13 septiembre 2015

TRES VIÑETAS DEL FORO DE AUTOGESTION OBRERA

(MNER-CTEP, UPEA, JSP, SECRETARIA DE PARTICIPACION CIUDADANA DE LA PROVINCIA DE BUENOS AIRES, ÁREA DE ESTUDIOS POLÍTICOS LATINOAMERICANOS DE LA FACULTAD DE HUMANIDADES Y CIENCIAS DE LA EDUCACIÓN DE LA UNLP, CÁTEDRA LIBRE DE FÁBRICAS RECUPERADAS DE LA UNLP”)

PH: Lidia Villar

Quisiera compartir con el curso algunas impresiones que me dejó el Foro de Autogestión Obrera, como adelante quizás de encuentro del Jueves. Son tres viñetas, aquí la primera. 


1.- El primer cuadrito de la viñeta tiene como escenario la esquina del viejo edificio de Humanidades, 7 y 48, una tarde de primavera del año 2001. La facultad estaba tomada y nosotros, en la calle, participábamos de la toma a través de una clase pública en la que Horacio González se debatía con Scalabrini y Sorel, ponele. En un momento se nos acerca un muchacho y nos dice “disculpen compañeros, vamos a molestarlos, pero tenemos que pasar”. Desde 47 venía atravesando toda la avenida una gran bandera de la UOCRA, y detrás media cuadra de, literalmente, descamisados.
Eran años donde las marchas pasaban por calle 7 más seguido que el 273. Entonces, en el segundo cuadrito de esta viñeta, nosotros nos subimos a la vereda con los bancos y, aplaudiendo, dejamos pasar a la marcha que, por su lado, se detuvo también a aplaudir. Creo recordar un “obreros y estudiantes unidos siempre están”, pero la memoria suele tentarnos con esas épicas. En todo caso, esas dos imágenes quedaron siempre en mi memoria como un señalador del libro de nuestras biografías sociales. Esa metáfora de un encuentro que no era tal, sino más bien un anhelo. Ese sentir de que algo pasaba, que salimos a ser parte, pero que la historia estaba siempre un paso más allá, ahora ya cruzaba 49.
Por eso, que en el tercer cuadrito estén aquellos, aunque otros, llenando un aula de la misma facultad genera esa sensación de cita con la historia. Porque a pesar de la poca difusión institucional que tuvo el encuentro, la presencia de un tercio de universitarios le puso la cuota de color local a un encuentro colmado por otras voces a las que estamos acostumbrados a escuchar.
Algo así se escenificó cuando al comenzar el encuentro Antonia hizo una especie de auto critica académica señalando que historia estará siempre un paso delante de nosotros, a lo que Hugo, uno de los que expusieron, le retrucó que ellos no sentía que la historia estuviese un paso adelante. Hermoso desaguisado entre los que están en la historia y los que no. Porque eso fue de lo que se trató, un nuevo modo de pensar los claustros, no hablando del “objeto de estudio”, ni capacitándolo, ni inyectándole conciencia, ni transfiriéndole conocimiento, ni nada. Por un rato la academia callo para alojar en su espacio la palabra del otro, esa palabra tan traducida y explicada y, entonces, desdibujada.
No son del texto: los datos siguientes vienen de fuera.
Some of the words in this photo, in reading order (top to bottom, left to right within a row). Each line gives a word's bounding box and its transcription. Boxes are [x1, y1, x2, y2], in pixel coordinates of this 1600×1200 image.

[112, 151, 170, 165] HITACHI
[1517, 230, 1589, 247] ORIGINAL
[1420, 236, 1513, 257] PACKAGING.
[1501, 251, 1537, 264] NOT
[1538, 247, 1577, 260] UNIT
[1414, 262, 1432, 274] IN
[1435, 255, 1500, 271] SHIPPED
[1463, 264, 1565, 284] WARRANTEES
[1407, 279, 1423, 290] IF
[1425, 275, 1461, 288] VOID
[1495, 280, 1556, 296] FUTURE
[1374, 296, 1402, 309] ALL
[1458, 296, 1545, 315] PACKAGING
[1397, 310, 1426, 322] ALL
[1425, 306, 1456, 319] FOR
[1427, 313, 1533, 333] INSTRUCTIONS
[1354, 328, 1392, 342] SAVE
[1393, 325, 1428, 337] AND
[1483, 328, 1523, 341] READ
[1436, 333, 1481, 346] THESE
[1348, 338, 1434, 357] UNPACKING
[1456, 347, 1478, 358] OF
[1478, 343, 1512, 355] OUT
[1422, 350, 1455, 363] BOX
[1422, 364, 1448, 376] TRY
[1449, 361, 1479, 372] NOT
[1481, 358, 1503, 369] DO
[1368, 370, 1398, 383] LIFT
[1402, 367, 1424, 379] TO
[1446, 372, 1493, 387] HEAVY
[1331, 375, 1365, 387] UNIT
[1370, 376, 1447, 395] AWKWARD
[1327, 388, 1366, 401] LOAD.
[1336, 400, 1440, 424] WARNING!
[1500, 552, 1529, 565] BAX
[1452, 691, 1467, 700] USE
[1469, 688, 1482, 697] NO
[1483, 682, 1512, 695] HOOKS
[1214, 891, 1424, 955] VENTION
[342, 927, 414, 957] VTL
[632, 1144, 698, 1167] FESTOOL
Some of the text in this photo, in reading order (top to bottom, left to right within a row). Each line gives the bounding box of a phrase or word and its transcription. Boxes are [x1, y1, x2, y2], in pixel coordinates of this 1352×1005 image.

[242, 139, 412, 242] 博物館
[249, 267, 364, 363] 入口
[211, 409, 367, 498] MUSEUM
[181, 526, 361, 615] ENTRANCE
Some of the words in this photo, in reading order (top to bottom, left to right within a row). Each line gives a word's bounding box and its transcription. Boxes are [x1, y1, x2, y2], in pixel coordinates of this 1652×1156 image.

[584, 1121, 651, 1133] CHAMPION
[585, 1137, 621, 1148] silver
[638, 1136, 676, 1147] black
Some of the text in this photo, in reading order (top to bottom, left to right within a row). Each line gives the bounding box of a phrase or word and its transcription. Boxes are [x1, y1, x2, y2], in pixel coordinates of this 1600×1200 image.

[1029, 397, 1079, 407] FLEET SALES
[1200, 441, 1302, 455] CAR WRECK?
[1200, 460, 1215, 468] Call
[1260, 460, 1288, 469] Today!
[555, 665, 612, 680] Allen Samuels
En el último cuadrito, cualquiera de los que expusieron allí, está con el micrófono en una mano agradeciendo a los compañeros la presencia porque si no fuera por los compañeros que resistieron y los no tan compañeros que traicionaron1… Y ese compañeros queda en el aire como una gran cita con aquel compañero que un día pidió permiso para pasar por la historia.




1 Alojar la palabra implica justamente el gesto de encontrar estas distancias del lenguaje. No creo recordar un espacio académico donde la cantidad de “compañeros” superara los “en este sentido”. Pero también se hace de los encuentros, y “en este sentido” (sic) la palabra compañero sonaba como cualquier nota al pié en un paper científico. Porque si estamos habituados a leer los papers a través de las citas, que es el modo en que se leen, reconstruyendo el sistema conceptual del autor, el estado del arte; entonces, las referencias al compañeros, Nestor, Daniel, Francisco, Hugo, Miguel, son el sistema de citas, como le gusta decir a Horacio, también “legados y “linajes”, el campo de posiciones que constituye la condición de posibilidad del discurso.